Looking into S. Africa across the river from our pool

Our final stop on the tour and last night of camping was in West Cape, South Africa along the Oliphante River (Elephant River). We stayed at a lovely vineyard where we set up camp, some, like me, attended a wine tasting, and then we were treated to a "home cooked" meal by the staff. The owner used to run overland tours like ours, with Intrepid, before settling down and buying this place.



Mari and I try our 3rd of 6 tastings before dinner


Last day was a long drive to Cape Town and the truck's final destination where the trip ends.
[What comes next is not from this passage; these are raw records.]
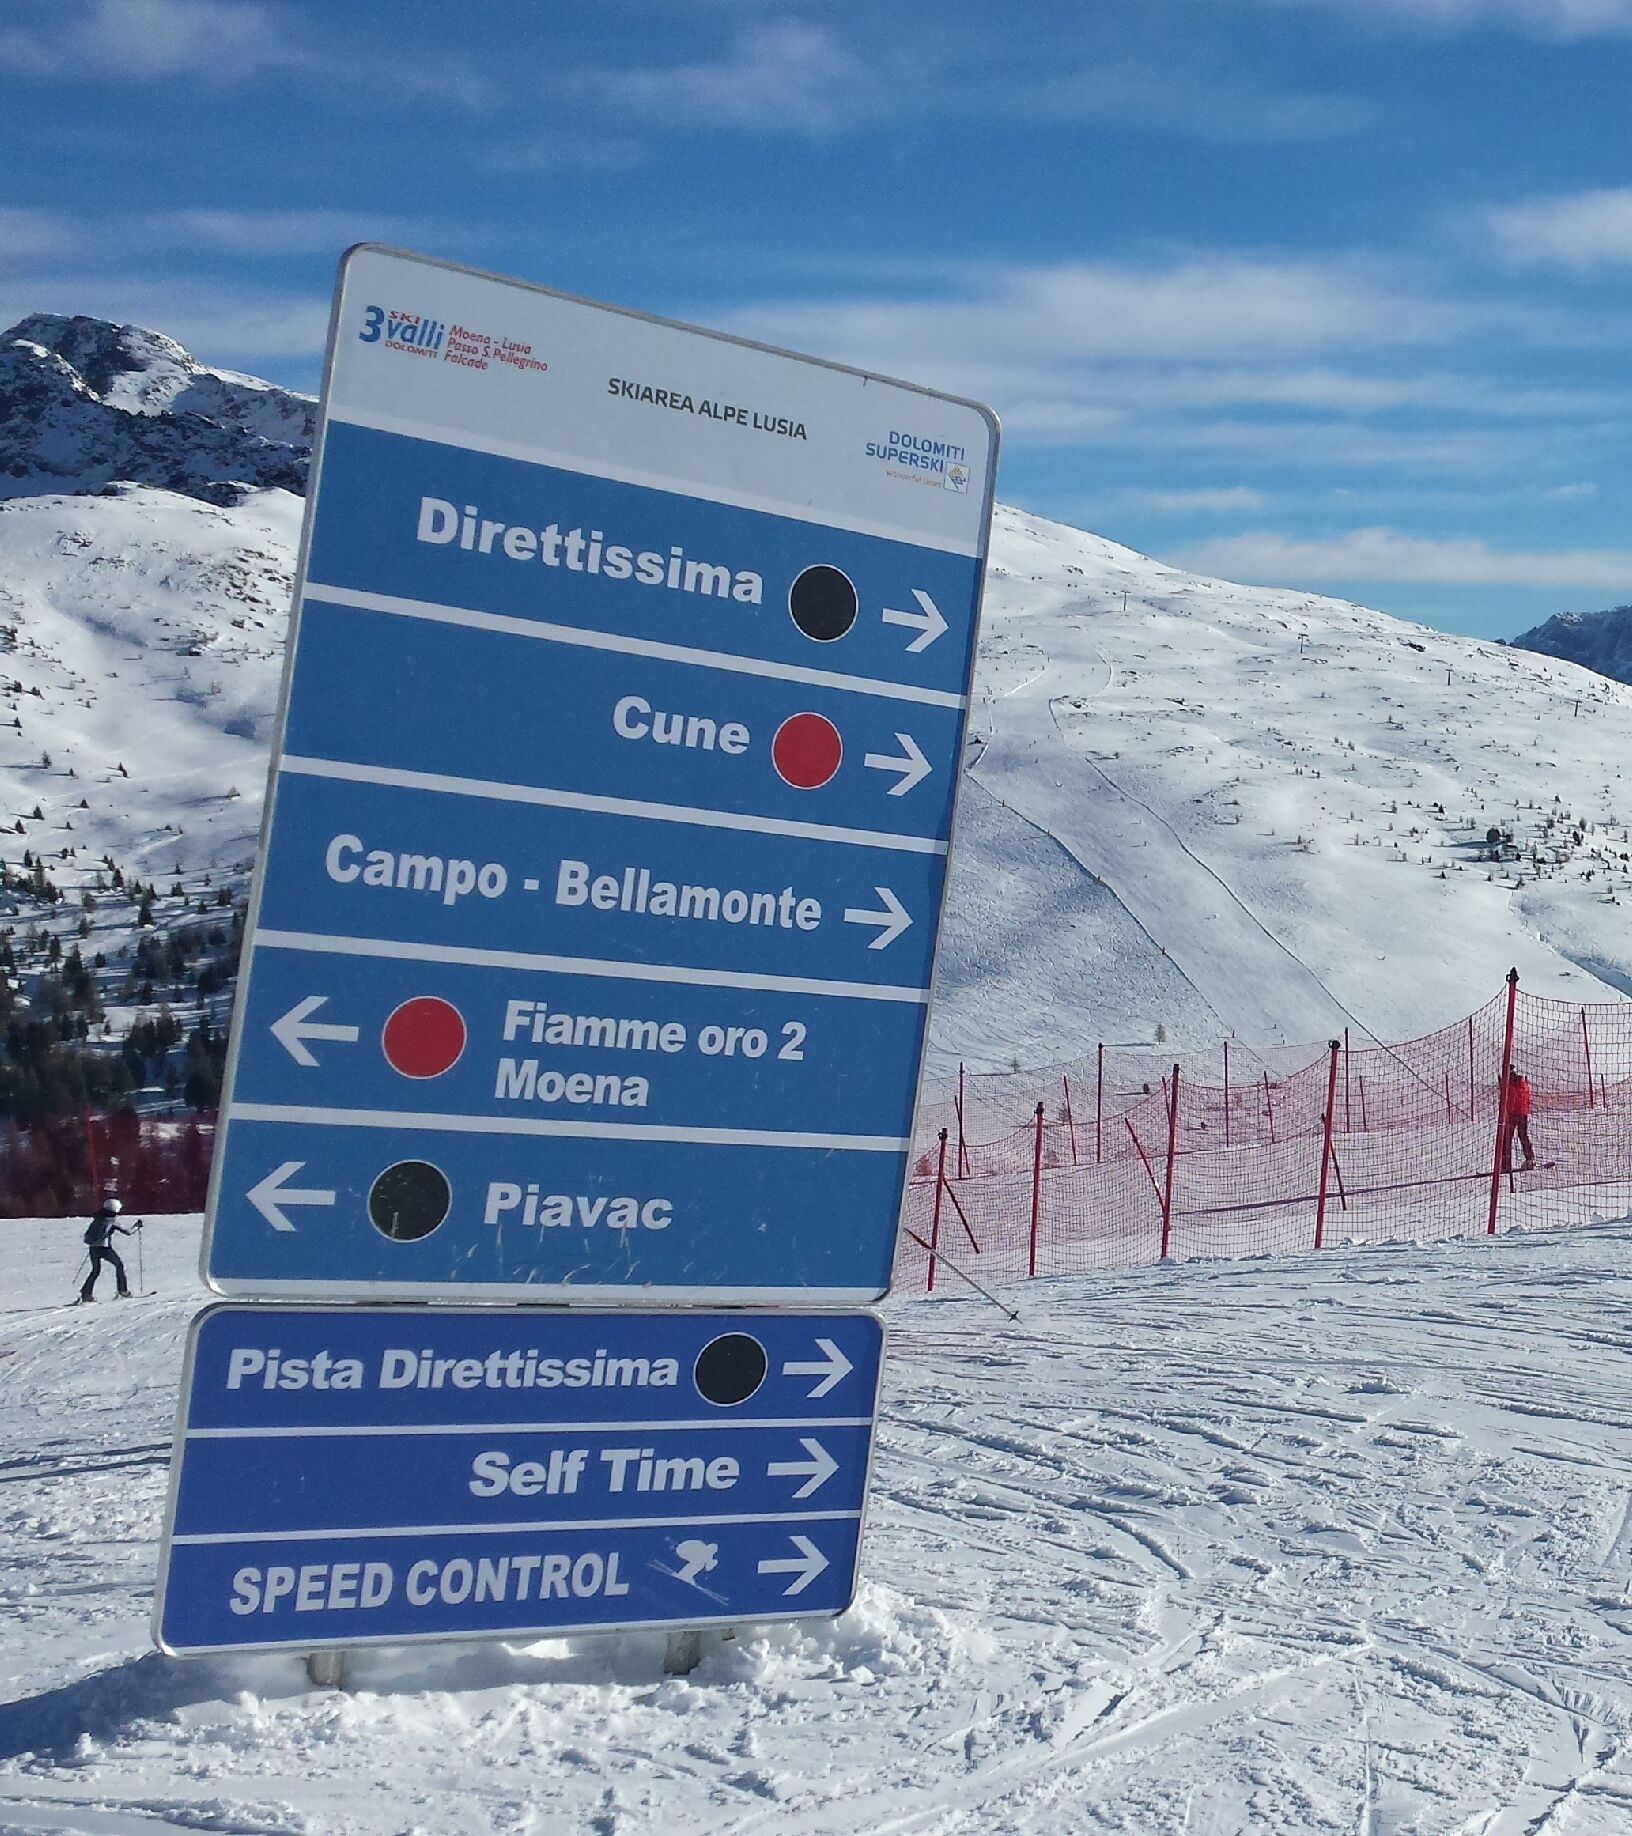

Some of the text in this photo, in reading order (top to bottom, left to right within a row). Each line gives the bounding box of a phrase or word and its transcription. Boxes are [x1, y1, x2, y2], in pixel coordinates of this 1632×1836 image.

[443, 350, 488, 371] Falcade
[448, 338, 478, 355] Passo
[494, 349, 548, 371] Pellegrino
[449, 324, 491, 345] Moena
[501, 337, 532, 355] Lusia
[608, 378, 808, 440] SKIAREA ALPE LUSIA
[865, 443, 944, 473] SUPERSKI
[889, 431, 965, 461] DOLOMITI
[417, 496, 764, 605] Direttissima
[613, 696, 751, 755] Cune
[325, 834, 508, 904] Campo
[555, 860, 822, 932] Bellamonte
[503, 1000, 807, 1061] Fiamme oro 2
[495, 1057, 650, 1107] Moena
[483, 1182, 674, 1230] Piavac
[226, 1349, 679, 1391] Pista Direttissima
[469, 1448, 740, 1497] Self Time
[230, 1553, 630, 1616] SPEED CONTROL
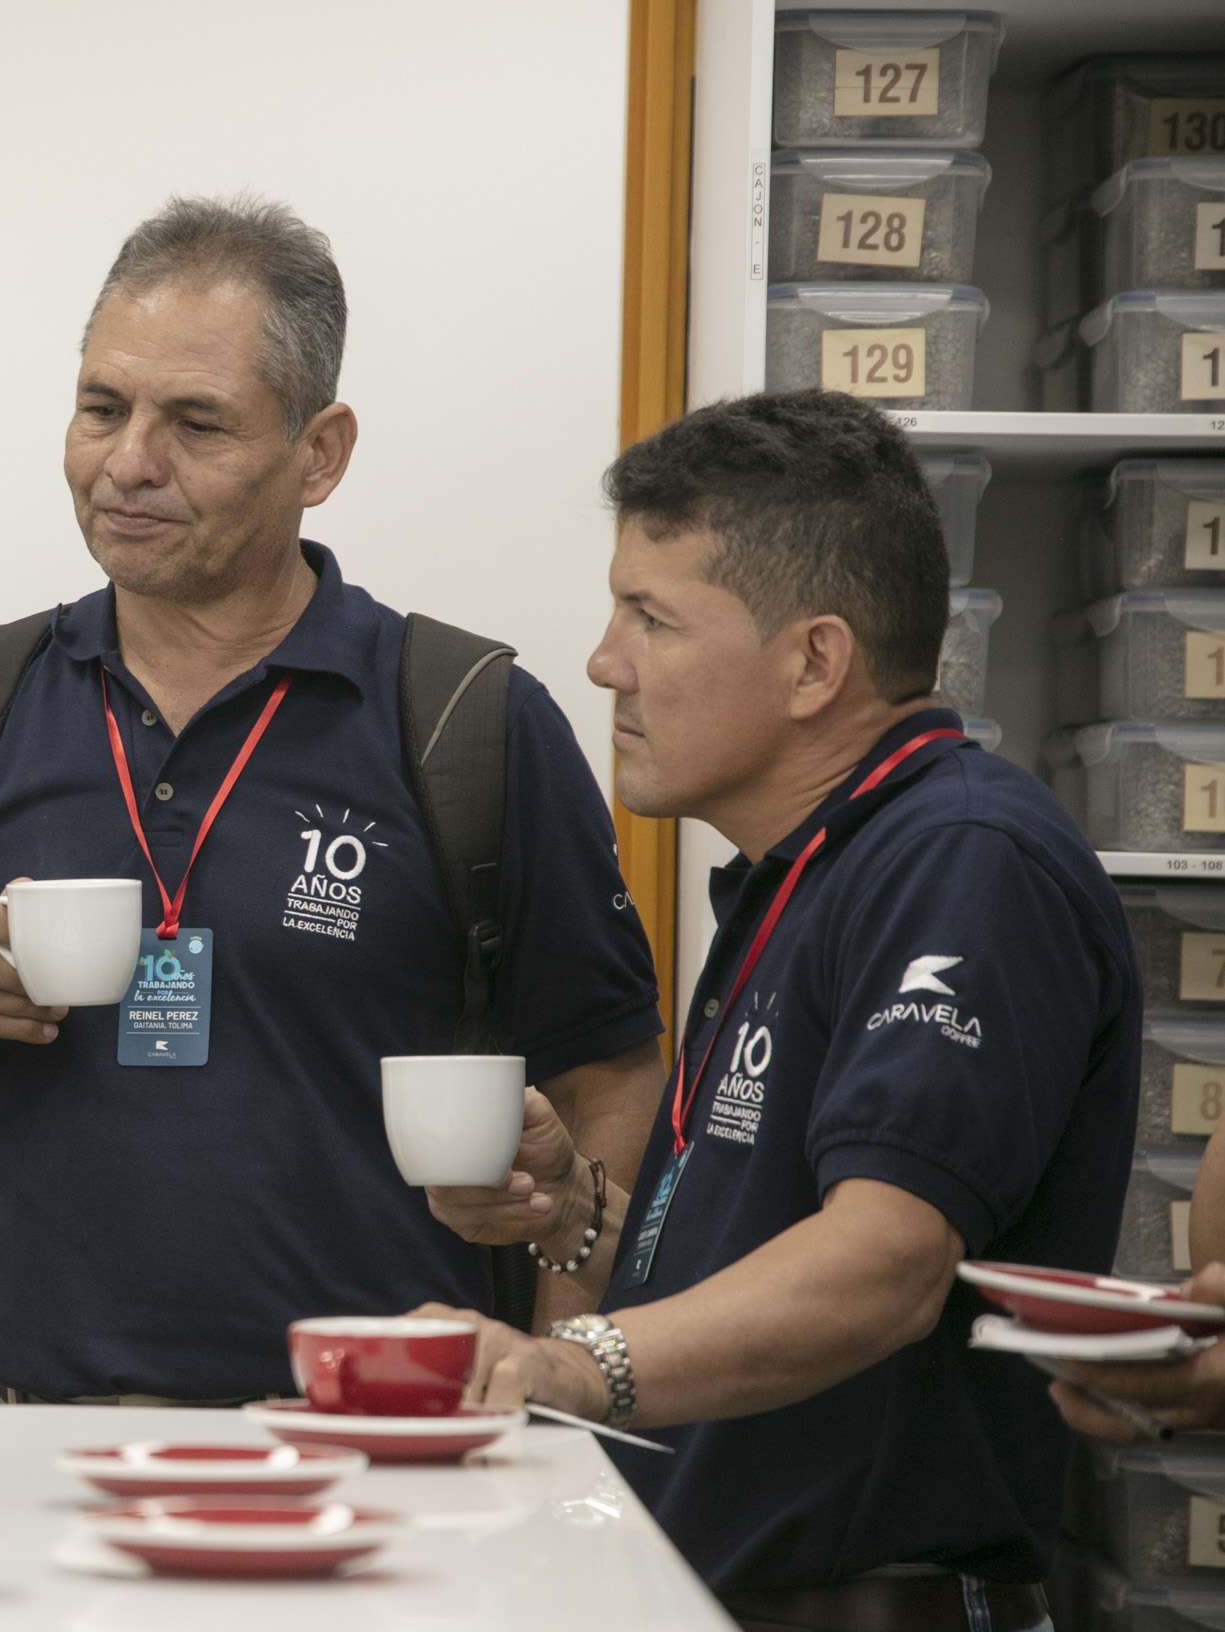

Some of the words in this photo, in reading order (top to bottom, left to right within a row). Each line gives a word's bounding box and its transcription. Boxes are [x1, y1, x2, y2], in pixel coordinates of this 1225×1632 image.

[855, 63, 928, 103] 127
[753, 165, 763, 227] CAJON
[836, 210, 907, 252] 128
[753, 264, 760, 274] E
[842, 343, 914, 384] 129
[897, 416, 918, 427] 126
[300, 829, 366, 880] 10
[1167, 860, 1188, 870] 103
[1201, 861, 1223, 870] 108
[290, 873, 362, 904] AÑOS
[287, 897, 359, 921] TRABAJANDO
[282, 916, 295, 928] LA
[297, 920, 355, 941] EXCELENCIA
[336, 918, 358, 931] POR
[142, 954, 181, 982] 10
[134, 989, 145, 1002] la
[147, 989, 197, 1002] excelencia
[138, 981, 195, 989] TRABAJANDO
[129, 1010, 164, 1020] REINEL
[166, 1011, 199, 1021] PEREZ
[168, 1022, 193, 1030] TOLIMA
[867, 1002, 982, 1038] CARAVELA
[730, 1021, 772, 1077] 10
[717, 1072, 765, 1103] AÑOS
[711, 1101, 762, 1122] TRABAJANDO
[740, 1119, 759, 1133] POR
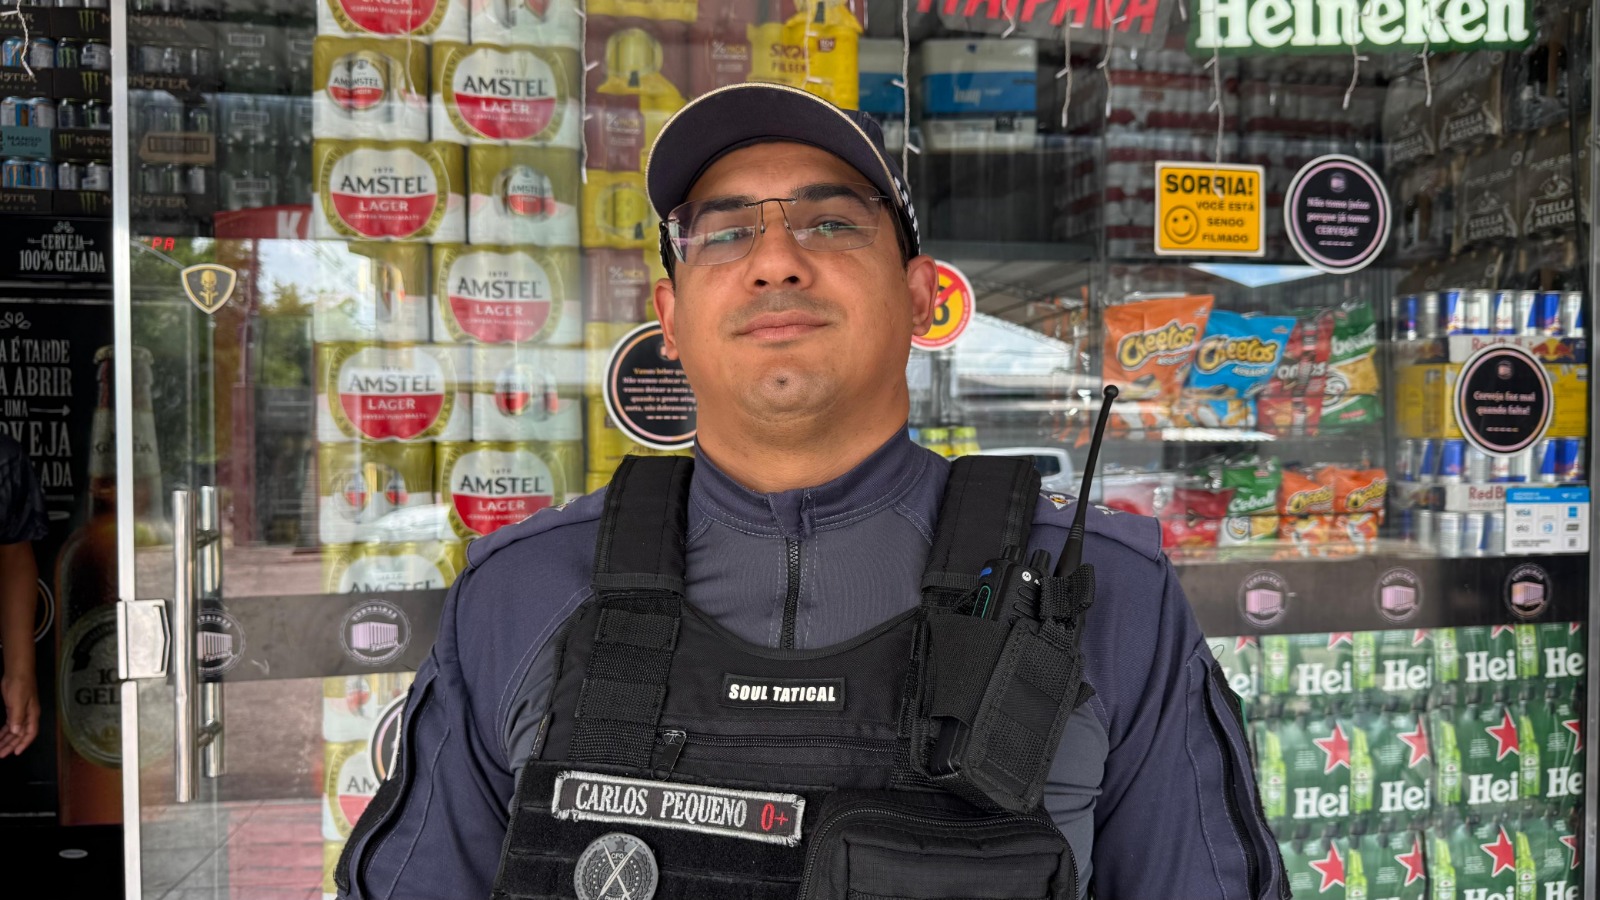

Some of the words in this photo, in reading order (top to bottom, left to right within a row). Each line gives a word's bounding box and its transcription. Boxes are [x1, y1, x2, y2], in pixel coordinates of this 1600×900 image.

We say goodbye to our travel mates, the Intrpid team (leader, driver and cook), check in to the hostel, and begin exploring this very pretty city, mountains, ocean, history, architecture and all.

A BIG THANKS to Simon, our cook, Ingway, our leader and John, our driver

A great adventure with Intrepid and now a week to ourselves before returning home. One more post of Cape Town and the Garden Route (east) should do the trick!